January 10th, 2010

rosas

bright star

Que bom que é voltar a ver a Jane Campion a fazer filmes estimulantes e com cunho pessoal. Bright Star é a história de uma paixão que permaneceu escondida durante muitos anos, todos aqueles que durou a vida de Fanny Brawne, e durante os quais ela sempre preservou o namoro e o noivado que a teve ligada ao poeta John Keats.
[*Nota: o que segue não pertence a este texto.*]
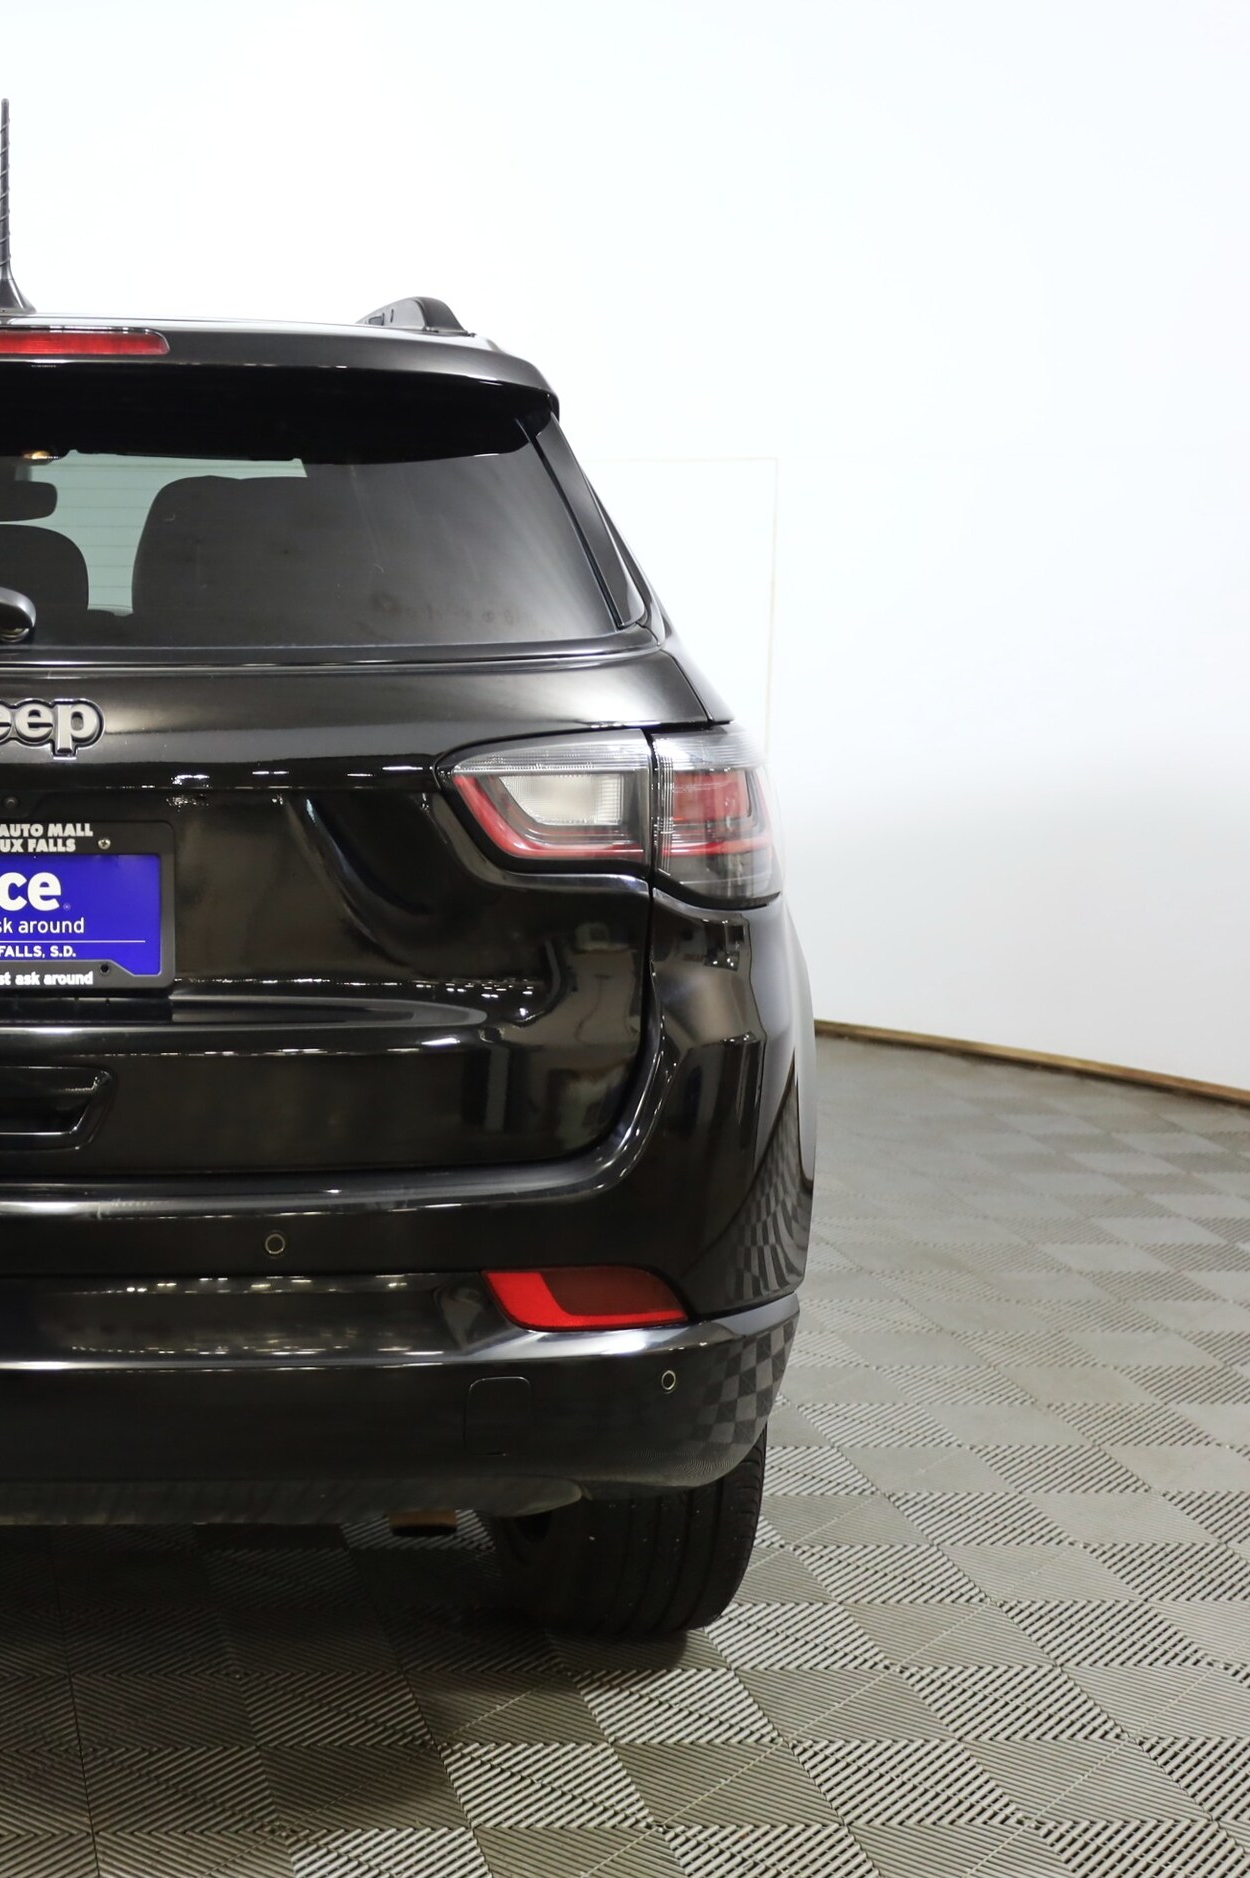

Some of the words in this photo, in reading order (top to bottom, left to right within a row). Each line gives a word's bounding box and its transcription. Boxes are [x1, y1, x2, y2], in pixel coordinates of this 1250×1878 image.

O que primeiro e mais impressiona no filme é o privilégio da palavra. São os poemas de Keats, é claro, mas são os diálogos, a escolha das palavras, e o modo como elas são ditas. Não é que seja propriamente um filme de texto, mas toda narrativa repousa nas palavras, não tanto que contam o filme, mas que lhe dão corpo.

Depois é a simplicidade cuidada dos planos, construídos de forma rigorosa e quase despojada, mas ao mesmo tempo cheios de subtileza e até de um certo esplendor visual, que é muito evidente, por exemplo, nos figurinos de Fanny, que são, de resto, um dos leit-motiv da história.

Finalmente é um filme que ama as personagens, trata-as sempre bem, mesmo em relação ao Mr. Brown, que funciona um pouco como o símbolo de tudo o que tornava a paixão entre John e Fanny uma impossibilidade social. Não é que as personagens sejam todas muito boazinhas, mas todas elas trazem uma honestidade e uma verdade que chegam a ser comoventes.

Como comecei por dizer, o filme tem um cunho pessoal, quase íntimo, como se a realizadora tivesse um enorme carinho por esta história. É, apesar dos meios de produção, um filme 'pequeno', e para mais foi estreado de uma maneira muito discreta. Espero que isso não faça com que passe despercebido: era uma pena perder uma história de amor tão romântica e bonita, e sobretudo contada desta maneira.